What needs to be done
Repeat exactly the line containing "this 1125×1500 image." and every line after it in the entries, and nothing besides.

Dataset items:
..............................
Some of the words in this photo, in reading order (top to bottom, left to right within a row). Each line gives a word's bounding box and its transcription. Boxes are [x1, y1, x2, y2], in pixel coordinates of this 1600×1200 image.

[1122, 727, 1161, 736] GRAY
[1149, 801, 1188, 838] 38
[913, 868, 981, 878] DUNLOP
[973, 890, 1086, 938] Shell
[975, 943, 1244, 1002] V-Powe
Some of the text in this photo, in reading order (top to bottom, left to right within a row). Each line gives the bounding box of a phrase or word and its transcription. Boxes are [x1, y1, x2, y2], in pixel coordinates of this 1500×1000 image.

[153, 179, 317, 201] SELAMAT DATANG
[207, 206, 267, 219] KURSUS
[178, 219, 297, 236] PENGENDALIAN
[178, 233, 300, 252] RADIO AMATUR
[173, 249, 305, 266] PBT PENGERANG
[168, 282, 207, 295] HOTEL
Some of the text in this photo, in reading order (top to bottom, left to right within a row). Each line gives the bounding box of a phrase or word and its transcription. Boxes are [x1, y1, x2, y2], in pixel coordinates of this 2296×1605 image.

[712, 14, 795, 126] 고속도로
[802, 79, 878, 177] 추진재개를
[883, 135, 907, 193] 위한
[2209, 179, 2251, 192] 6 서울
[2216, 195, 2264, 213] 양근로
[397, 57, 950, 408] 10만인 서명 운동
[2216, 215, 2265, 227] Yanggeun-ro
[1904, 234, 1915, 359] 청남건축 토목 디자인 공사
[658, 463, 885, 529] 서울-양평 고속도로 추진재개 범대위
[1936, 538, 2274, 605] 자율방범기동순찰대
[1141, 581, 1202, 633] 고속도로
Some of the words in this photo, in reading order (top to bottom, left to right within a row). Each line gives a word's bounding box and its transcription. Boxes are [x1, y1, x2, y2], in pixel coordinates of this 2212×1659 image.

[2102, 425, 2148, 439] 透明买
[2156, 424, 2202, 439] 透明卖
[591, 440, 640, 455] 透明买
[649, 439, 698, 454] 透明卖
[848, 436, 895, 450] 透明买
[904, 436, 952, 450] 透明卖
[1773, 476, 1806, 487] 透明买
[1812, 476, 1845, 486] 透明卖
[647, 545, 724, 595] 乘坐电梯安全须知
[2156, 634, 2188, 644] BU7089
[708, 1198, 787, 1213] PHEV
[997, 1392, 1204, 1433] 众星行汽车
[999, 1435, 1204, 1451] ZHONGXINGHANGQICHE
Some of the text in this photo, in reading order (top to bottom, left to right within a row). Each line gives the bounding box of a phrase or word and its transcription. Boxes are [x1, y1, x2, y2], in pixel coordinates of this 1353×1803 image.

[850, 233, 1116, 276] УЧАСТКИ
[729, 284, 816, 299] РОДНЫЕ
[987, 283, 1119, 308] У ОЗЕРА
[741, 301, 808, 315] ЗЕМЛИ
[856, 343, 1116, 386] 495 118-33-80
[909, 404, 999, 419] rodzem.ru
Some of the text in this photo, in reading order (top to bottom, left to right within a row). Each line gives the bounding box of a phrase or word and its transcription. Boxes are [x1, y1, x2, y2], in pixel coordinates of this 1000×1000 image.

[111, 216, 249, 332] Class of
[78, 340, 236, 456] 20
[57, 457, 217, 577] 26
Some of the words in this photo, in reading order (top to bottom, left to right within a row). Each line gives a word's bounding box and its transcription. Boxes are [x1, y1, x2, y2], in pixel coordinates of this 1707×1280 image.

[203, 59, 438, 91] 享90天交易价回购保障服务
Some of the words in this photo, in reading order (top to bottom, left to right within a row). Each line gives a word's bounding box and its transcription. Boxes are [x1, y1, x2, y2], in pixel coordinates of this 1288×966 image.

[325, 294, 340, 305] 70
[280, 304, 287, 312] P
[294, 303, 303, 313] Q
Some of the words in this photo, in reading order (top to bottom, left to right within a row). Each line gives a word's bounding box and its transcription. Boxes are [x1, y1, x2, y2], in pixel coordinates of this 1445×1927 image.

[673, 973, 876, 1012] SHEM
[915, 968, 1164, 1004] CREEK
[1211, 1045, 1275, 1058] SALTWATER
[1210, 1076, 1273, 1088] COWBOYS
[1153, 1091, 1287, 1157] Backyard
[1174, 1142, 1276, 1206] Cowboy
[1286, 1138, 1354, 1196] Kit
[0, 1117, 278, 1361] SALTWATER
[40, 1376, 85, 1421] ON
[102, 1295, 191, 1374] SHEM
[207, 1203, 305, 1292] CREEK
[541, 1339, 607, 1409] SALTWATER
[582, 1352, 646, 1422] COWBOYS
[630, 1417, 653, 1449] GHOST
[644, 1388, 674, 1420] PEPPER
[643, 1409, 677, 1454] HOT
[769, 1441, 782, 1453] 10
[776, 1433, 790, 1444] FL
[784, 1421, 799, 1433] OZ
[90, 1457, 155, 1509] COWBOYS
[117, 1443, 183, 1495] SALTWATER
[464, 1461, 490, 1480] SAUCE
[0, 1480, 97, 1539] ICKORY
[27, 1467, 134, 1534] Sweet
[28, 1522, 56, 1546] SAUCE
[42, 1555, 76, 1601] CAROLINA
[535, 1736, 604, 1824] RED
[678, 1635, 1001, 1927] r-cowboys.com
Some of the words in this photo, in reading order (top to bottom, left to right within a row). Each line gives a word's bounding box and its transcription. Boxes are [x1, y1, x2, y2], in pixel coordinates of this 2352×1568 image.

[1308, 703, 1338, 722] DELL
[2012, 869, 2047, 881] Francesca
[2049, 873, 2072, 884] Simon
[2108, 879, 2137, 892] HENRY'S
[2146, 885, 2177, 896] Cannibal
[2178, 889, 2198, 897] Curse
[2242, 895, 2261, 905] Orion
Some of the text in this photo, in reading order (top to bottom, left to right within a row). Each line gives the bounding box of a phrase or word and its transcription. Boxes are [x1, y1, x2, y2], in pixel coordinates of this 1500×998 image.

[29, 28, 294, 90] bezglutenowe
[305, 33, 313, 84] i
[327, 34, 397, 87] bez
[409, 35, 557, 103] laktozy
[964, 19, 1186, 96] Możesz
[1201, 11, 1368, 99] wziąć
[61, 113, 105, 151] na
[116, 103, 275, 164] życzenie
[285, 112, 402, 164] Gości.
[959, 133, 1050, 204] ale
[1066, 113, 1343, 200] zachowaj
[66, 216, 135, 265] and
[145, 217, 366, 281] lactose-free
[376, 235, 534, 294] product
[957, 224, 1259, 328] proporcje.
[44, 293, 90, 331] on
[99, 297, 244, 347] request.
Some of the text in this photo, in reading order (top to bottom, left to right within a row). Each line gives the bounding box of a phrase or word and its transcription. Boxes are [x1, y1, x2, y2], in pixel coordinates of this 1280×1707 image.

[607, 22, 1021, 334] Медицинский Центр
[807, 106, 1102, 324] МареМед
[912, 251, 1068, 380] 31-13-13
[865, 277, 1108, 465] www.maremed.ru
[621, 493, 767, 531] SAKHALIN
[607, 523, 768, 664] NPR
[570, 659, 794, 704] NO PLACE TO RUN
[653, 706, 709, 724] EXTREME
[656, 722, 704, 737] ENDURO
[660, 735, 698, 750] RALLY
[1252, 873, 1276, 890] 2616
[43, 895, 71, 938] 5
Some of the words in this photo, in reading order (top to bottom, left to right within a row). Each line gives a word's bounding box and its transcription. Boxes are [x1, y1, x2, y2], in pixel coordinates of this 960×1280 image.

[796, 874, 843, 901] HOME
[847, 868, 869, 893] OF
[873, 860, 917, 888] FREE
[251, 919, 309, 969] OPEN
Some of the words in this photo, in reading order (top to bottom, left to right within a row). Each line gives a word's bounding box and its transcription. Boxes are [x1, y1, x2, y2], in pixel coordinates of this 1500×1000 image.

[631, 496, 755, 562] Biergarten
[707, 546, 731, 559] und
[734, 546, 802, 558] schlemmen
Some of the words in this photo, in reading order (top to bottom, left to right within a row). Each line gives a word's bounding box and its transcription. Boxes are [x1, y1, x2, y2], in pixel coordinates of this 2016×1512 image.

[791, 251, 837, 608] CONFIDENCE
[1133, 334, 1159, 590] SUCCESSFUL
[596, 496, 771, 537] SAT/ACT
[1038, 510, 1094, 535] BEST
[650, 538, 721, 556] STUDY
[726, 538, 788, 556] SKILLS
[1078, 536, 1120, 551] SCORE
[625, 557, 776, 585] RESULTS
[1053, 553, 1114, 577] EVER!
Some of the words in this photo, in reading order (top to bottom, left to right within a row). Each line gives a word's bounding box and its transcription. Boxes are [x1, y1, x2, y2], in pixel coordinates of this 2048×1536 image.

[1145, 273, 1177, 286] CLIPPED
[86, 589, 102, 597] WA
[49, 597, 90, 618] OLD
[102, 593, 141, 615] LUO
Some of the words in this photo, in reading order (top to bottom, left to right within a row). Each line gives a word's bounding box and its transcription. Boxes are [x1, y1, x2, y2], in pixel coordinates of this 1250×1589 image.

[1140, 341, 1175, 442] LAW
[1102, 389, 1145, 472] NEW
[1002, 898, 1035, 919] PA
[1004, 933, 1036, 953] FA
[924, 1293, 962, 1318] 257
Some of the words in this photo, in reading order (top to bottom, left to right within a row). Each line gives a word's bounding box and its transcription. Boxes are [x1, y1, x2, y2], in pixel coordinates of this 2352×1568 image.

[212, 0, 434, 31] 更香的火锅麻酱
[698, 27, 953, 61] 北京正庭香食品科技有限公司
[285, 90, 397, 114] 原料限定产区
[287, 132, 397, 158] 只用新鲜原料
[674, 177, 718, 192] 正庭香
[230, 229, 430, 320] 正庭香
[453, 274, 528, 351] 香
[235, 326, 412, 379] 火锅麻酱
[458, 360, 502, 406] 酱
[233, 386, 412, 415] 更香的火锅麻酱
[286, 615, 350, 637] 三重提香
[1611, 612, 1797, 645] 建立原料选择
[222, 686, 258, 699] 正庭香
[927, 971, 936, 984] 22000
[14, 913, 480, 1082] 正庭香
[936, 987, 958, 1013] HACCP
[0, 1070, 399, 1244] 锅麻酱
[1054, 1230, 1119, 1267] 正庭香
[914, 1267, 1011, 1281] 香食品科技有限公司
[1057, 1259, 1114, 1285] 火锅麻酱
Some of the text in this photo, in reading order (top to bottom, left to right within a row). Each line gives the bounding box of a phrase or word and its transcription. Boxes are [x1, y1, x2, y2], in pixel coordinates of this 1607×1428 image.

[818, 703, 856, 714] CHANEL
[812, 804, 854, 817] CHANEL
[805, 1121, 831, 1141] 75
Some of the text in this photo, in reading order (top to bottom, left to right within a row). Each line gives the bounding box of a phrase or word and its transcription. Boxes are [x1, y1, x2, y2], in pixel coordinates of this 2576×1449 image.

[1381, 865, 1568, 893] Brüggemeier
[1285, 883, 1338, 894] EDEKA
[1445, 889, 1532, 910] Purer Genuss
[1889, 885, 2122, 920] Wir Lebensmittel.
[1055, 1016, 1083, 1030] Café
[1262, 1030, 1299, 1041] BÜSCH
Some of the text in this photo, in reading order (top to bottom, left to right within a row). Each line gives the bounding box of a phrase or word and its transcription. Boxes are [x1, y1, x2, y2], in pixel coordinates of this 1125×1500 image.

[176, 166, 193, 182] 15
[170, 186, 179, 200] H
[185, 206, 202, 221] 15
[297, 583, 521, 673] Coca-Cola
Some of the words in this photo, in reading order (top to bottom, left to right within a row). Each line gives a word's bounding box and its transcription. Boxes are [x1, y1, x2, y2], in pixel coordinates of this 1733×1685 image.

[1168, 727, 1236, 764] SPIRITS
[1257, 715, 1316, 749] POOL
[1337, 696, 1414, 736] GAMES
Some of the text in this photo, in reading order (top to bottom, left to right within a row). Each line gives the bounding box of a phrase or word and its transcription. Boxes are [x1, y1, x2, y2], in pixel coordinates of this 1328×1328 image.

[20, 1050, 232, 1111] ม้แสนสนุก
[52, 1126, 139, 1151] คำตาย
..............................
Written solution
Some of the text in this photo, in reading order (top to bottom, left to right within a row). Each line gives the bounding box of a phrase or word and its transcription. Boxes are [x1, y1, x2, y2], in pixel coordinates of this 1125×1500 image.

[176, 166, 193, 182] 15
[170, 186, 179, 200] H
[185, 206, 202, 221] 15
[297, 583, 521, 673] Coca-Cola
Some of the words in this photo, in reading order (top to bottom, left to right within a row). Each line gives a word's bounding box and its transcription. Boxes are [x1, y1, x2, y2], in pixel coordinates of this 1733×1685 image.

[1168, 727, 1236, 764] SPIRITS
[1257, 715, 1316, 749] POOL
[1337, 696, 1414, 736] GAMES
Some of the text in this photo, in reading order (top to bottom, left to right within a row). Each line gives the bounding box of a phrase or word and its transcription. Boxes are [x1, y1, x2, y2], in pixel coordinates of this 1328×1328 image.

[20, 1050, 232, 1111] ม้แสนสนุก
[52, 1126, 139, 1151] คำตาย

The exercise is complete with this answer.